→ **Exercise description**
A word-for-word copy of the data, pictures excluded, is what this task asks for.

Free-text object descriptions:
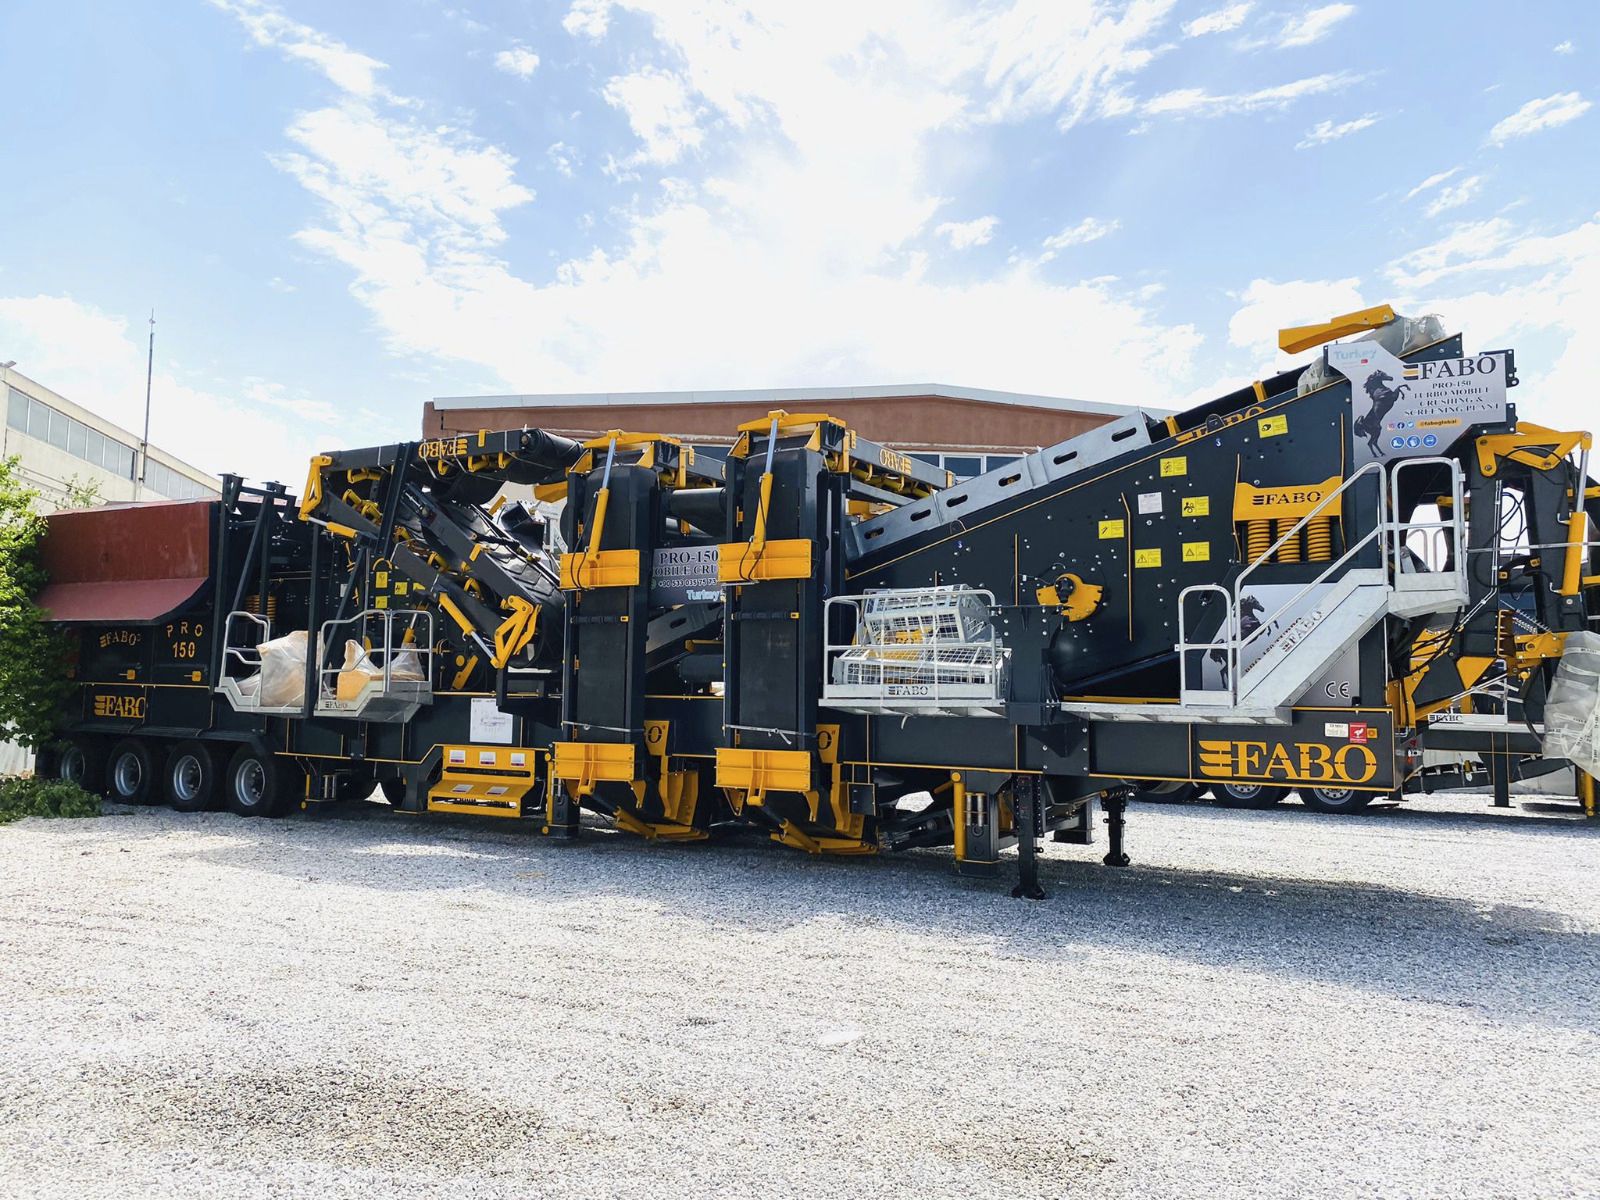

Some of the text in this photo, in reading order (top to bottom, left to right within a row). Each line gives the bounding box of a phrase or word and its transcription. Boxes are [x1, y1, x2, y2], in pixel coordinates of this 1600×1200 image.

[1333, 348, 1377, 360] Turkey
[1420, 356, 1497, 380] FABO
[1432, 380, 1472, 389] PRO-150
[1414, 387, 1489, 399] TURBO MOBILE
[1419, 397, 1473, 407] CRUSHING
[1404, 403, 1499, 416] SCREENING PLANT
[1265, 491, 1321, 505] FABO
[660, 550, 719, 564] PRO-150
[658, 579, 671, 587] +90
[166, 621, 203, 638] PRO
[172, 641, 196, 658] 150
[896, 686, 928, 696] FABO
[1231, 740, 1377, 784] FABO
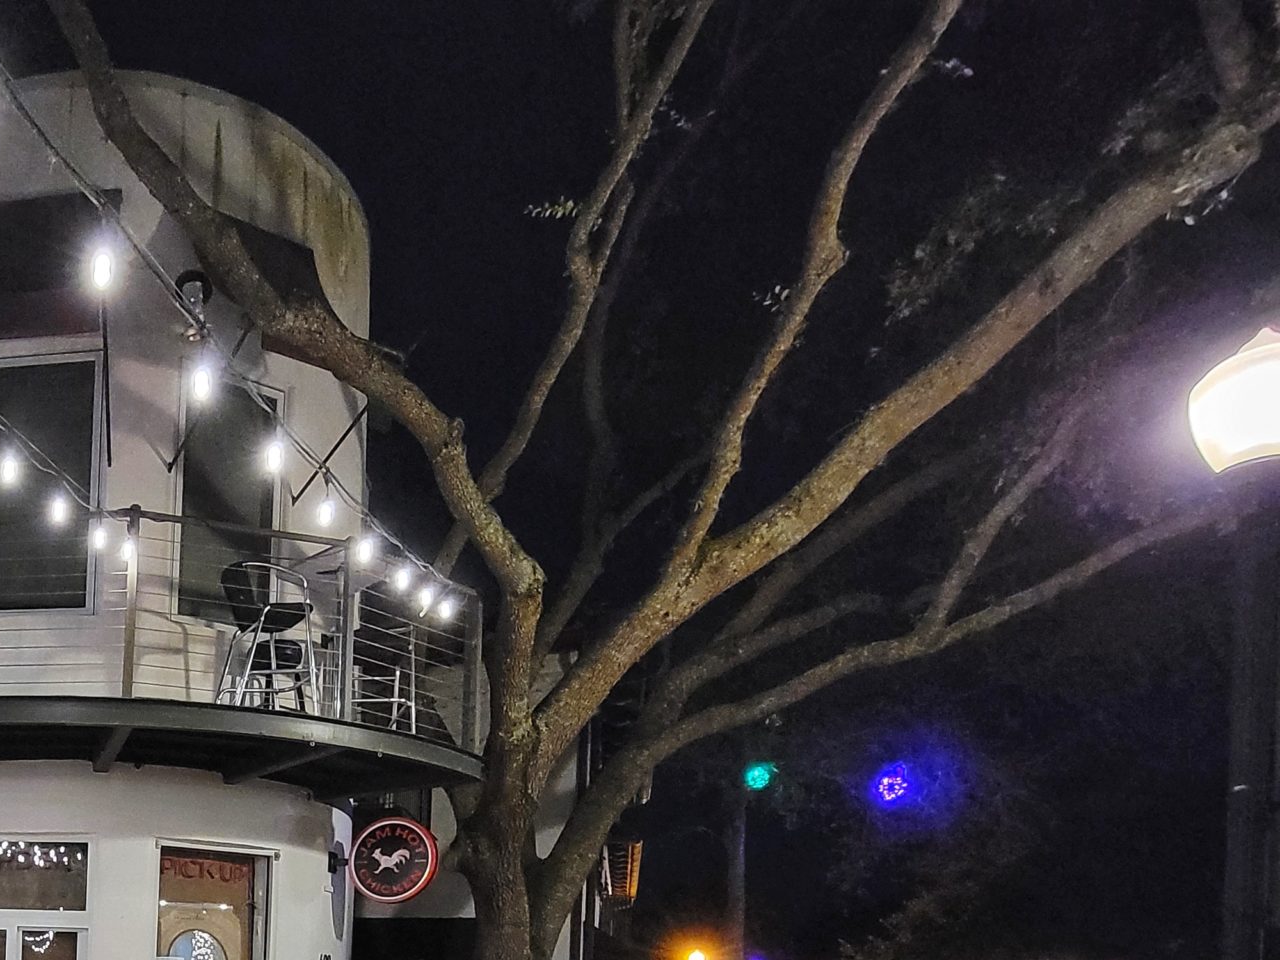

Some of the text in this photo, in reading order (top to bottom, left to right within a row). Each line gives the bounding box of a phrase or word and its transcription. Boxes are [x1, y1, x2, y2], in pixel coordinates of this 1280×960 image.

→ **Response to the task**
Some of the text in this photo, in reading order (top to bottom, left to right within a row). Each line gives the bounding box of a phrase or word and its transcription. Boxes are [x1, y1, x2, y2], in pixel coordinates of this 1600×1200 image.

[1333, 348, 1377, 360] Turkey
[1420, 356, 1497, 380] FABO
[1432, 380, 1472, 389] PRO-150
[1414, 387, 1489, 399] TURBO MOBILE
[1419, 397, 1473, 407] CRUSHING
[1404, 403, 1499, 416] SCREENING PLANT
[1265, 491, 1321, 505] FABO
[660, 550, 719, 564] PRO-150
[658, 579, 671, 587] +90
[166, 621, 203, 638] PRO
[172, 641, 196, 658] 150
[896, 686, 928, 696] FABO
[1231, 740, 1377, 784] FABO

Some of the text in this photo, in reading order (top to bottom, left to right within a row). Each line gives the bounding box of a phrase or word and its transcription. Boxes are [x1, y1, x2, y2], in pixel coordinates of this 1280×960 image.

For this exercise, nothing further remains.